The headline makes it clear that the discipline system goes after minority attorneys, especially Black lawyers. That’s not news for us lawyers, but it is for the public. And some of the charges are technicalities, not major violations such as stealing client funds. In the almost 30 years between 1990 and 2018, a study released by the bar three years ago showed that Black male lawyers were nearly four times likelier to be either disbarred or resign with charges pending. Black male lawyers were placed on probation more than three times more often than whites. You do the math.
It’s an open secret that the discipline system goes after easy pickings, the lawyers who don’t have name recognition, publicists, and juice (not the breakfast kind). The discipline system prosecutes cases that don’t require a lot of work up, a lot of investigation, a lot of time, and the corollary, a lot of money. The Legislature seems to be unwilling to shake loose additional funds for that.
Since discipline matters are funded by attorney fees, there is a finite amount of money available for discipline, and it shows. That’s one reason, and there are others, why Tom Girardi was able to skate for decades, avoiding discipline while stealing client funds and living the high life as the husband of a real housewife of Beverly Hills.
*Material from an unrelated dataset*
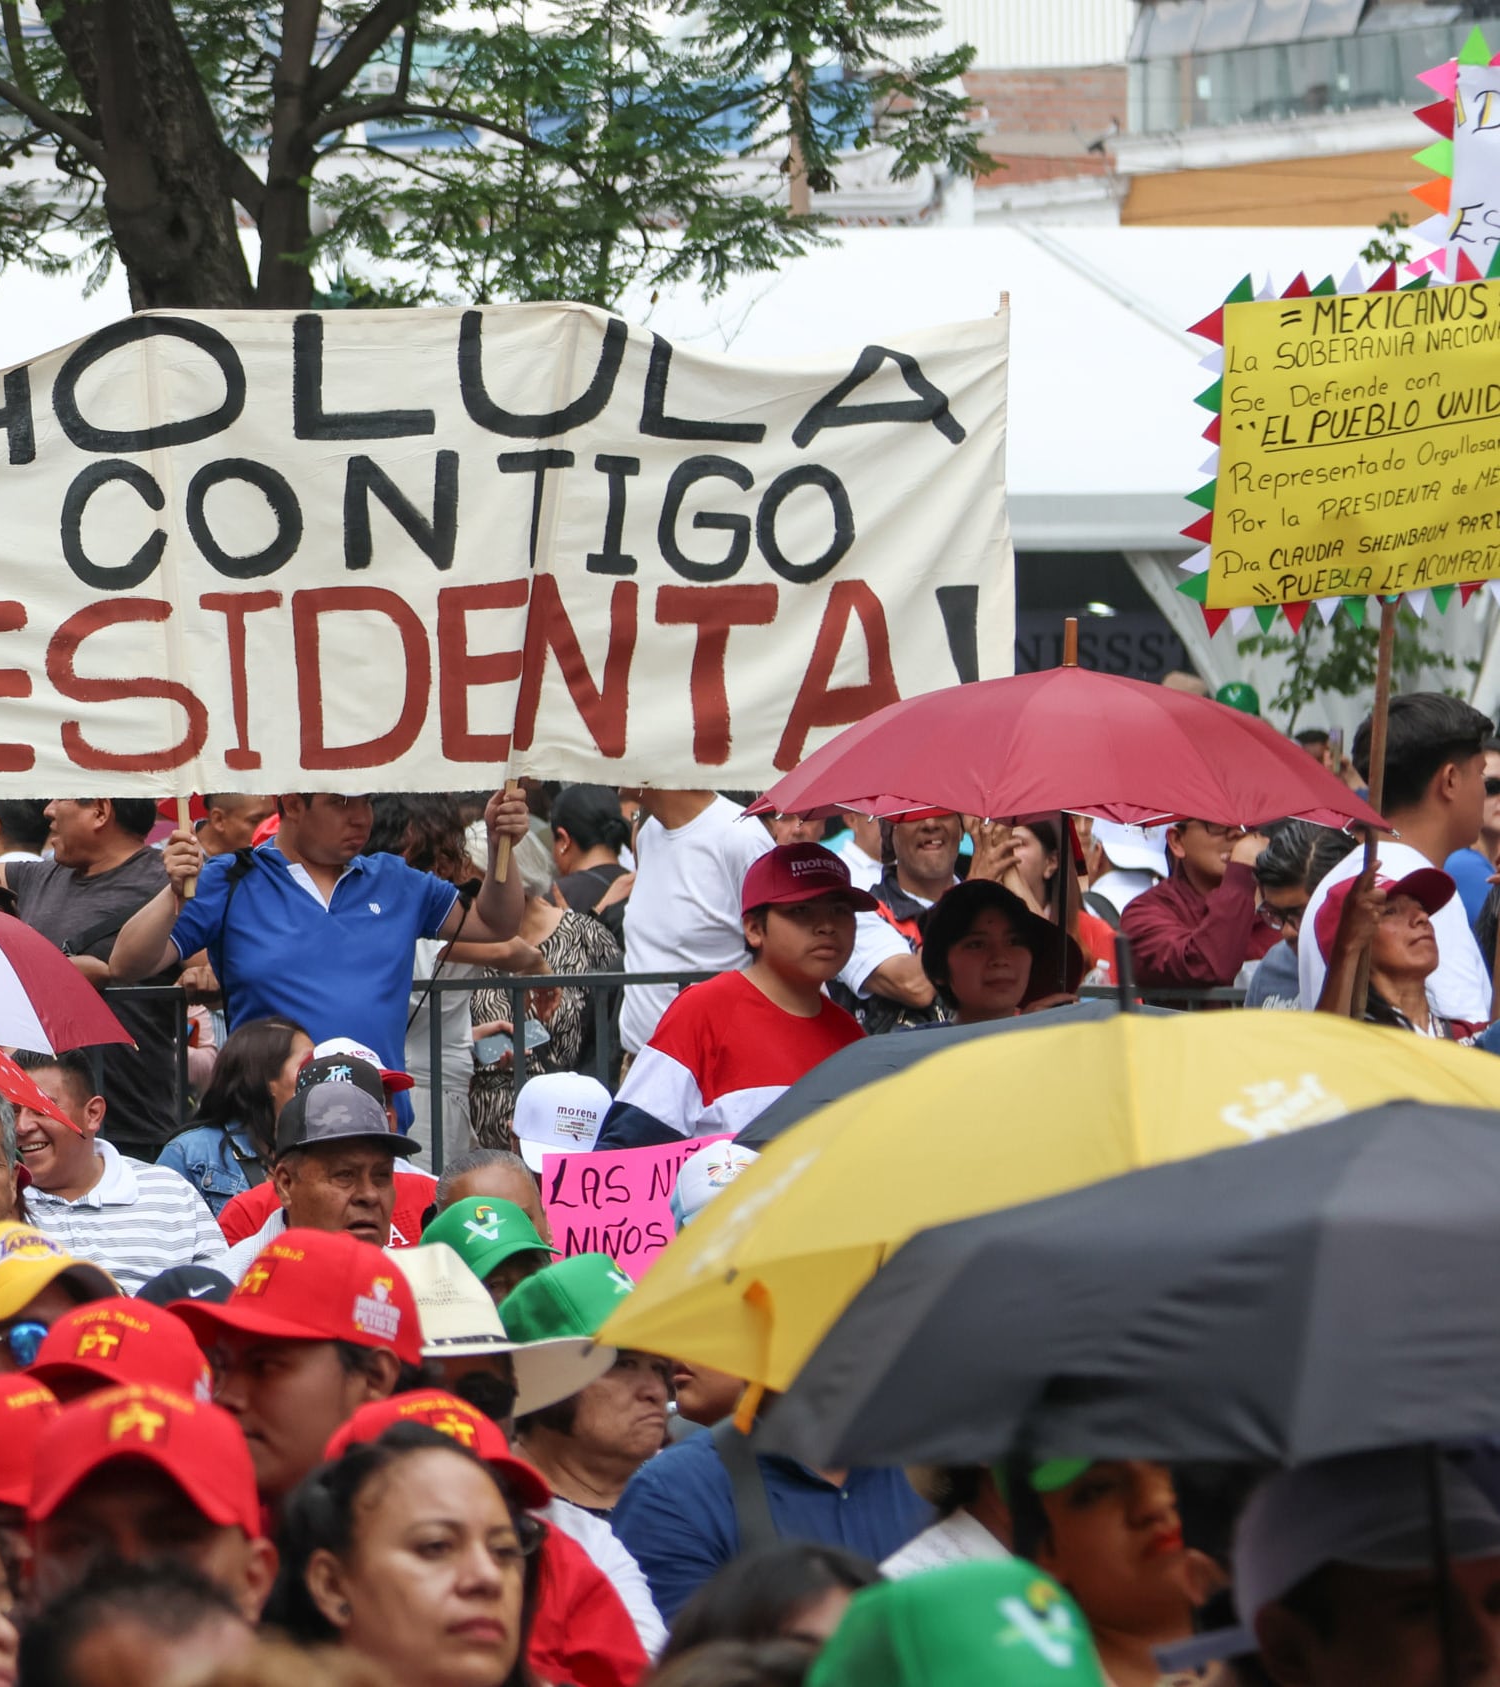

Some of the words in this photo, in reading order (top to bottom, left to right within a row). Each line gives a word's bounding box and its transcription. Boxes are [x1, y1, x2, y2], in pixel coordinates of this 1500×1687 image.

Another issue that the LA Times article pointed out, and this again, is no secret in the legal community here, is that the discipline system comes down harder on the solos and small firm practitioners than it does on Biglaw. Solos and small firms don’t necessarily have all the support staff and resources to make sure all the “i’s” are dotted and the “t’s” crossed. That’s not to excuse major faux pas like embezzlement, but there should be ways to help lawyers become better at the nonlegal parts of the business. Years ago, the bar required several hours of law office management for CLE compliance. Not any more. Time to reinstitute? The goal should be to have lawyers succeed, not fail, but the result is that solos and small firm lawyers get the shiv, while big firm lawyers, well-connected lawyers, get a pass.
The discipline backlog of thousands of cases has always been an issue. In 2012, the bar announced that the backlog had been cleared. Say what? Miraculous? A few short years later, the backlog returned with a vengeance. Trying to tame the backlog is wrestling with alligators.
Lawyers in career jeopardy is not new, but can you provide the question to this final jeopardy answer, which is “California”? The final jeopardy question:
What is the only state bar that does not either require or encourage lawyers to turn in their peers for wrongdoing/misconduct?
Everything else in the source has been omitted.